Tributes were paid to the brave pilots who lost their lives in the Battle of Britain at a special commemorative service organised by Trafford Council.
The High Sheriff of Greater Manchester, Eamonn O’Neal, the Mayor, Cllr Rob Chilton, and the deputy Mayor, Cllr Laurence Walsh, attended the event at Sale War Memorial on Sunday, September 20. They laid wreaths and remembered the pilots who died and those who served in the conflict.
This year marks the 80th Anniversary of The Battle of Britain which took place during World War II, between Britain’s Royal Air Force (RAF) and the Luftwaffe, Nazi Germany’s air force, and was the first battle in history fought solely in the air. Although September 15 is marked annually as Battle of Britain Day, the conflict took place from July 10 to October 31 1940.
Sadly, due to Covid 19 regulations, Trafford Council was unable to hold its usual public annual ceremony to mark this remarkable victory. The commemorative event was private, by invite only and all social distancing measures were observed by those who attended.
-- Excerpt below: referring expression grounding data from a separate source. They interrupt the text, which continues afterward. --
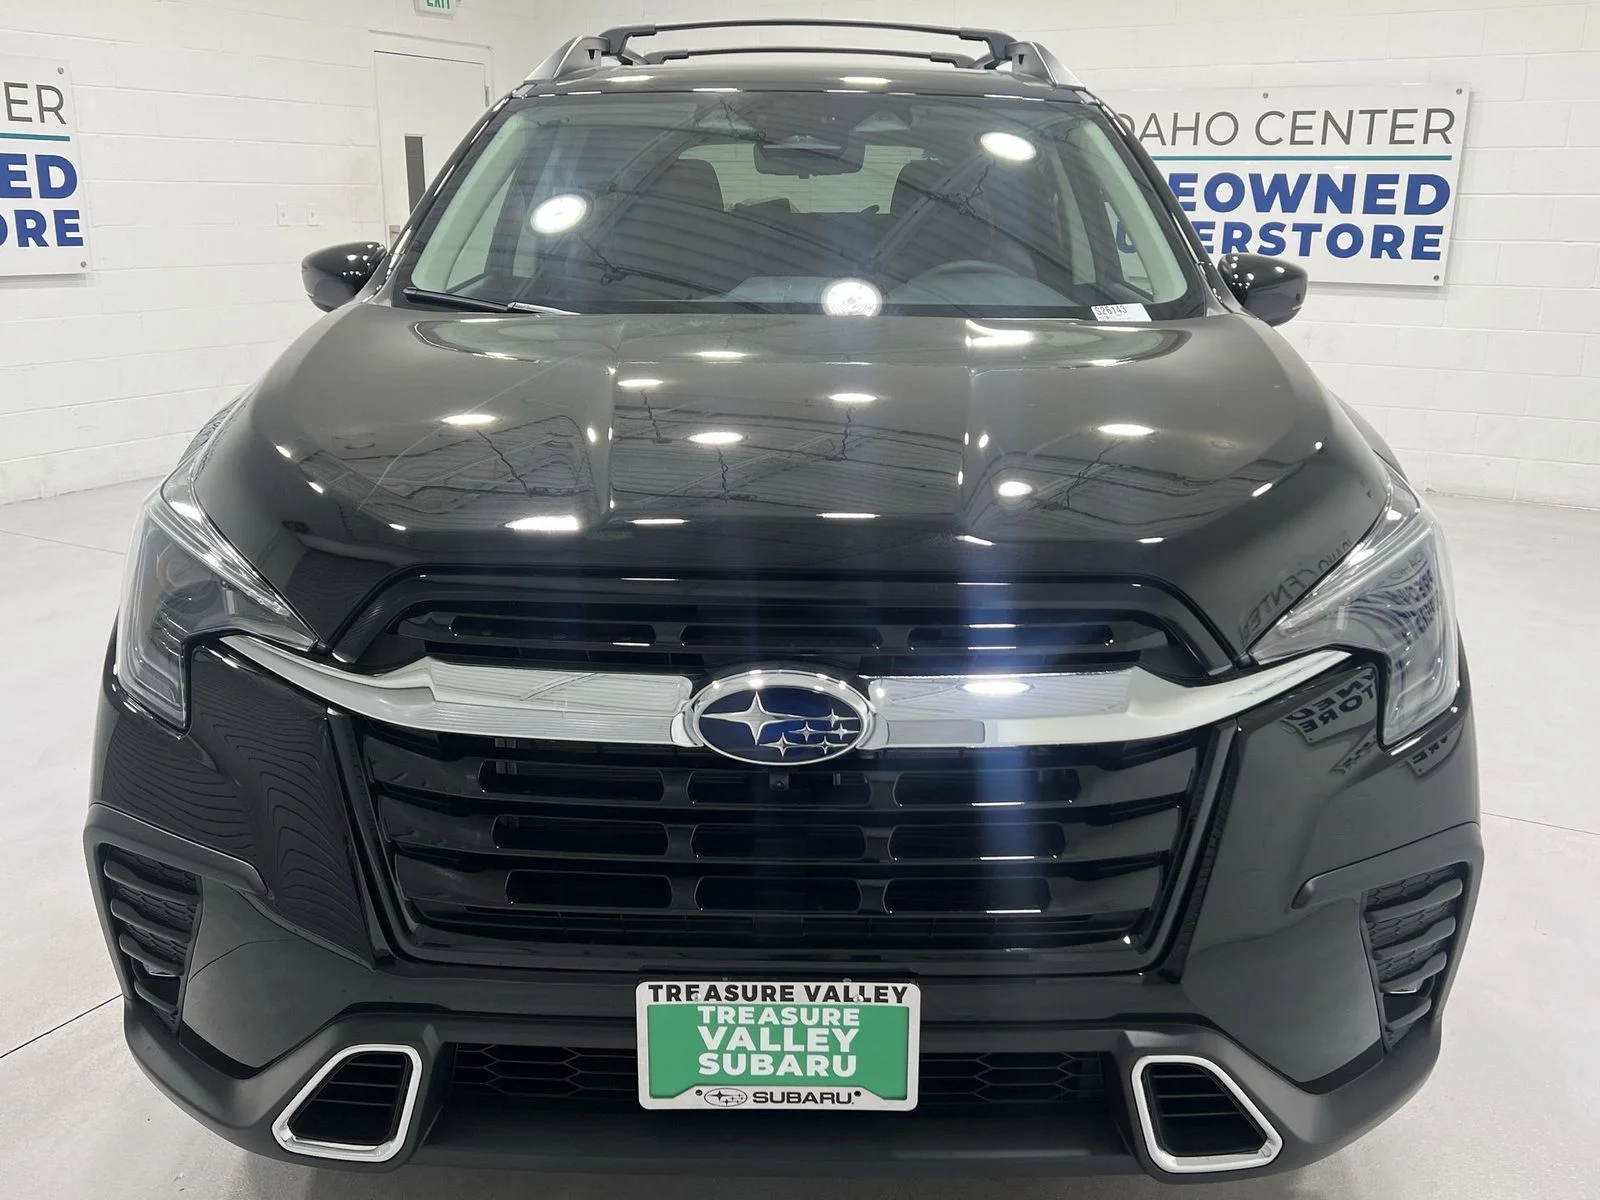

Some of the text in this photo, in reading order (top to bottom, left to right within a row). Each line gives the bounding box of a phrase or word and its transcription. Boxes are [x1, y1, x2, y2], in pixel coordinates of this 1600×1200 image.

[1254, 108, 1455, 146] CENTER
[0, 209, 84, 248] RE
[1094, 305, 1128, 316] S26143
[648, 983, 908, 1005] TREASURE VALLEY
[697, 1005, 860, 1027] TREASURE
[697, 1025, 860, 1053] VALLEY
[698, 1052, 857, 1078] SUBARU
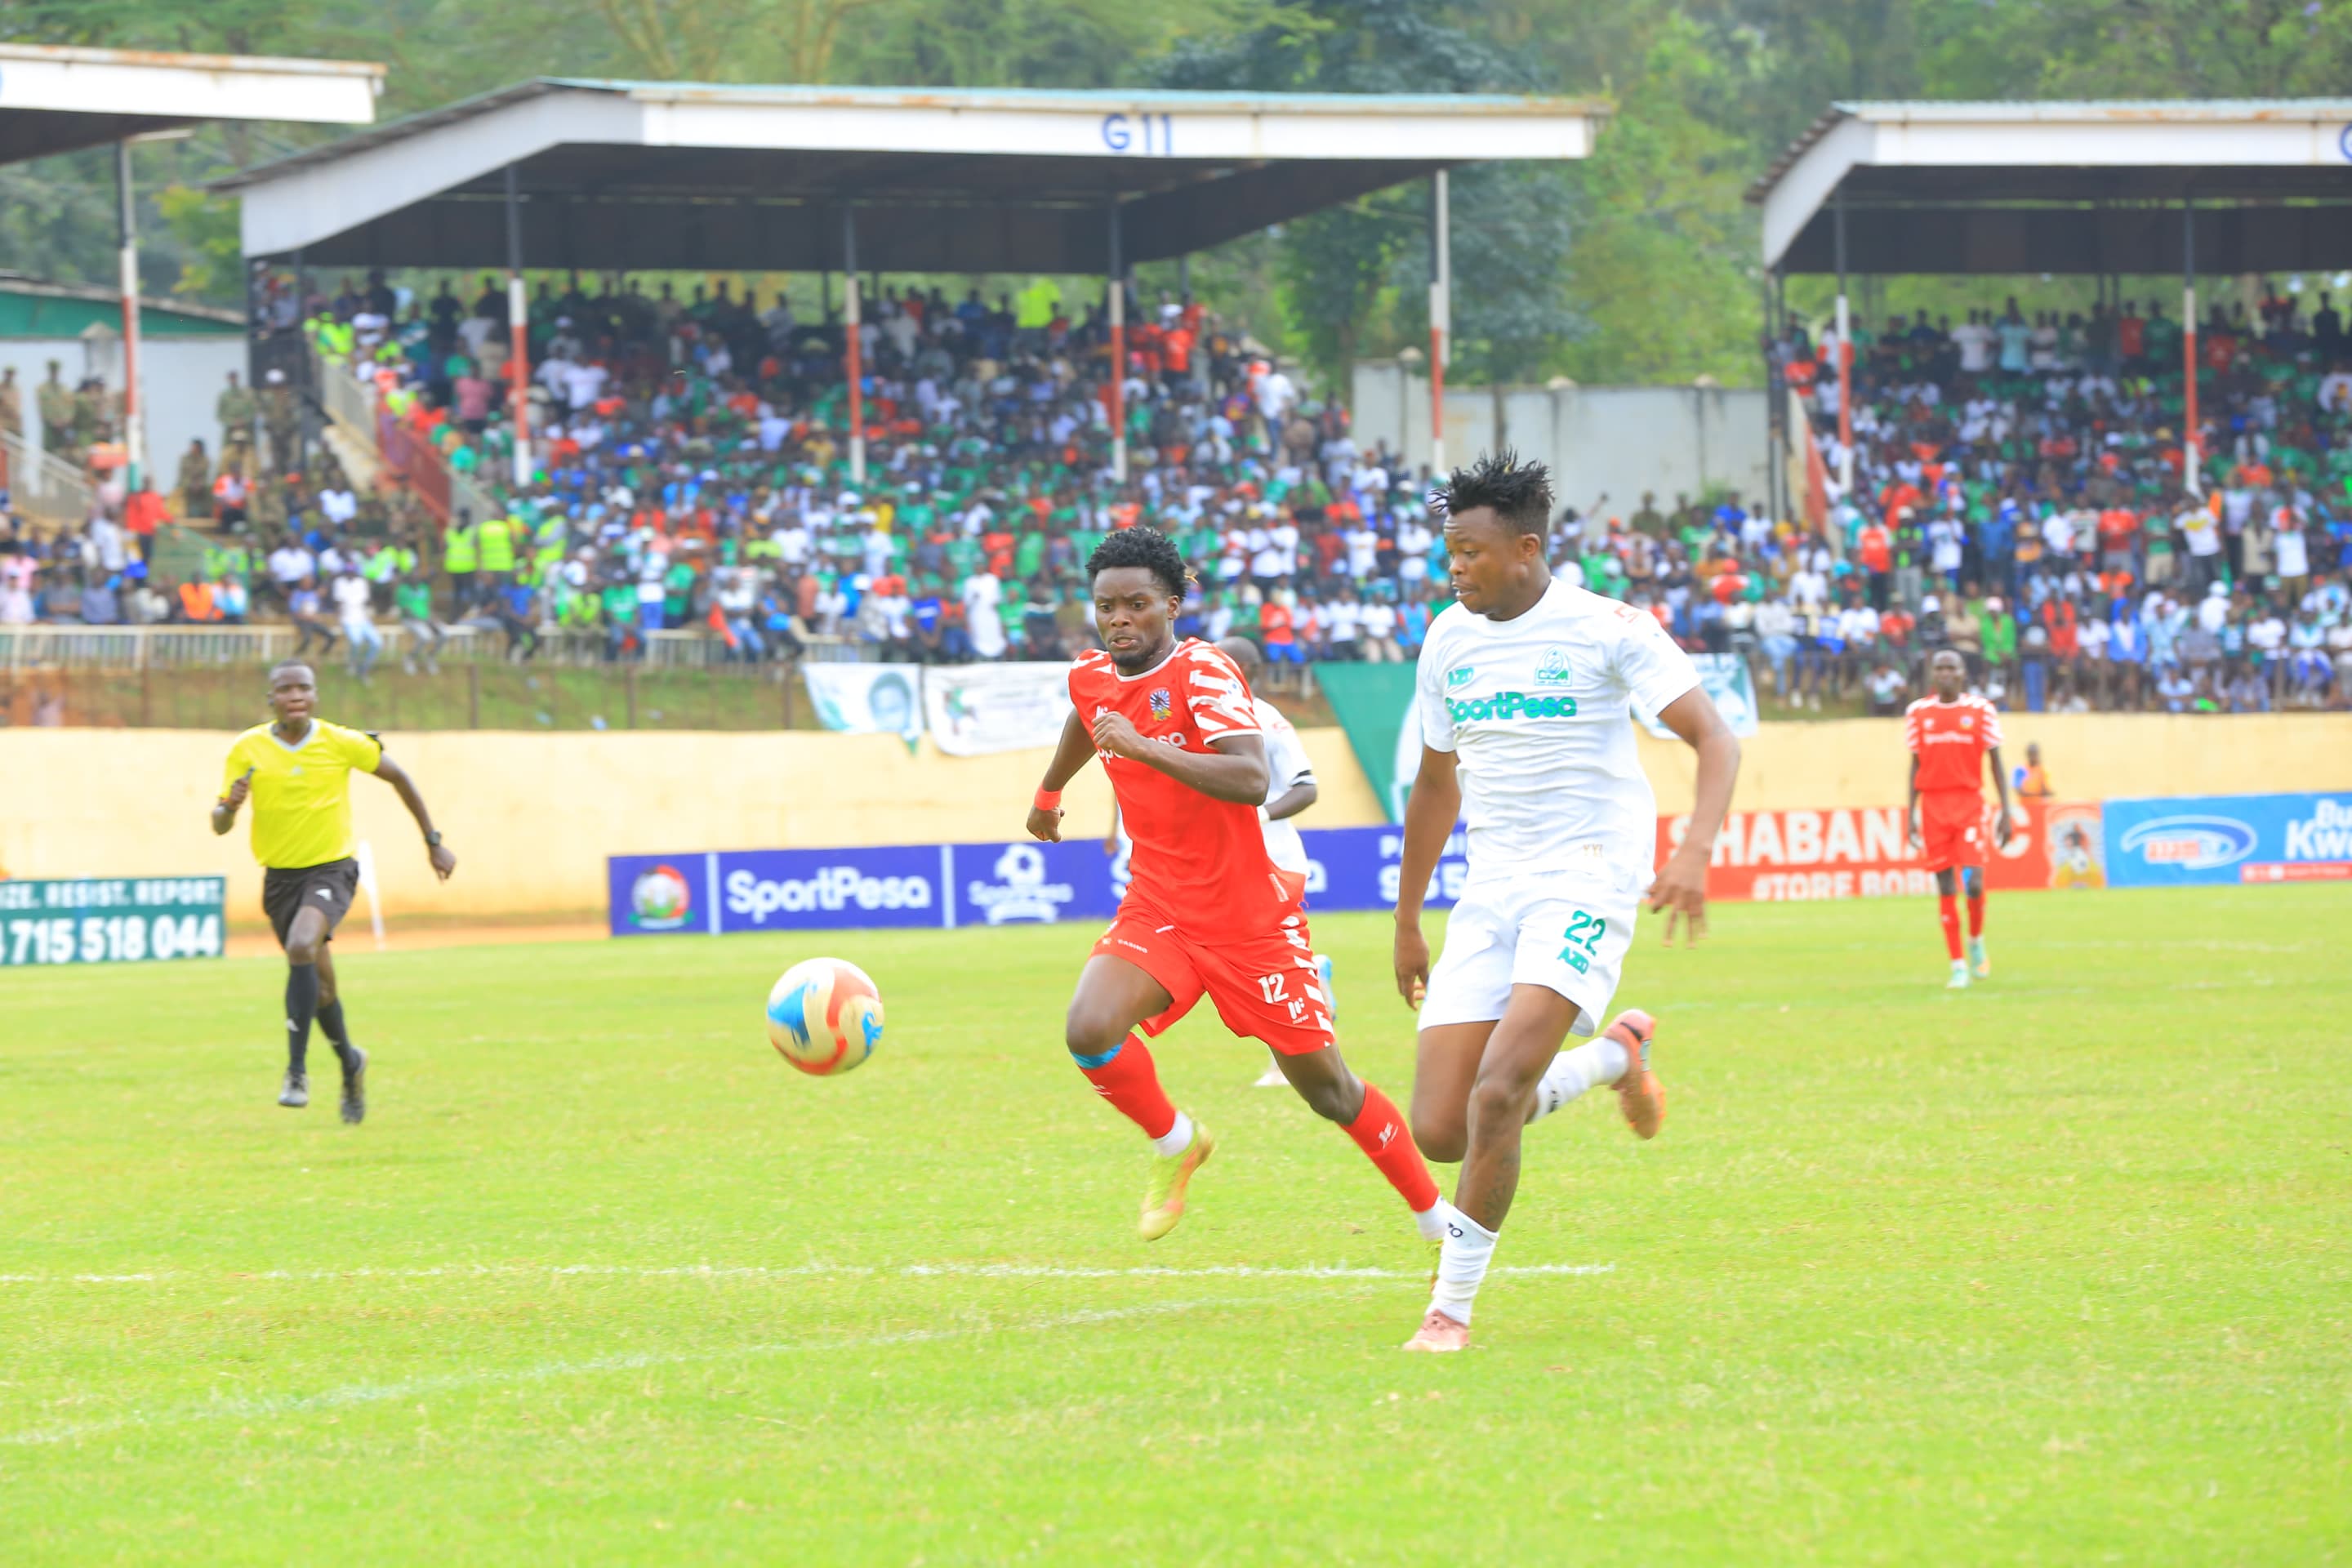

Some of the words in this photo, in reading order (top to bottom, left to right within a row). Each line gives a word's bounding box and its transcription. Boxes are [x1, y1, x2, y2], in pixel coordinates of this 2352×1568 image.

Cllr Judith Lloyd, Trafford Council’s Armed Forces Champion, said:
“I was very proud to be part of the commemorative service to remember the brave pilots who died. The Battle of Britain was a turning point in World War II. If the RAF had not held off the Luftwaffe, Hitler would have likely moved forward with his Operation Sea Lion invasion of the British Isles. This would have been devastating for the British people and all efforts to stem Hitler’s rise to power. Germany needed to control the English Channel to invade Britain, and winning the battle prevented them from gaining that valuable control.”
The Council’s Armed Forces Lead Sue Wright said:
“It was an honor to be able to commemorate those very brave pilots who took to the sky with no thought of their own safety during this fierce battle. We will never forget them.”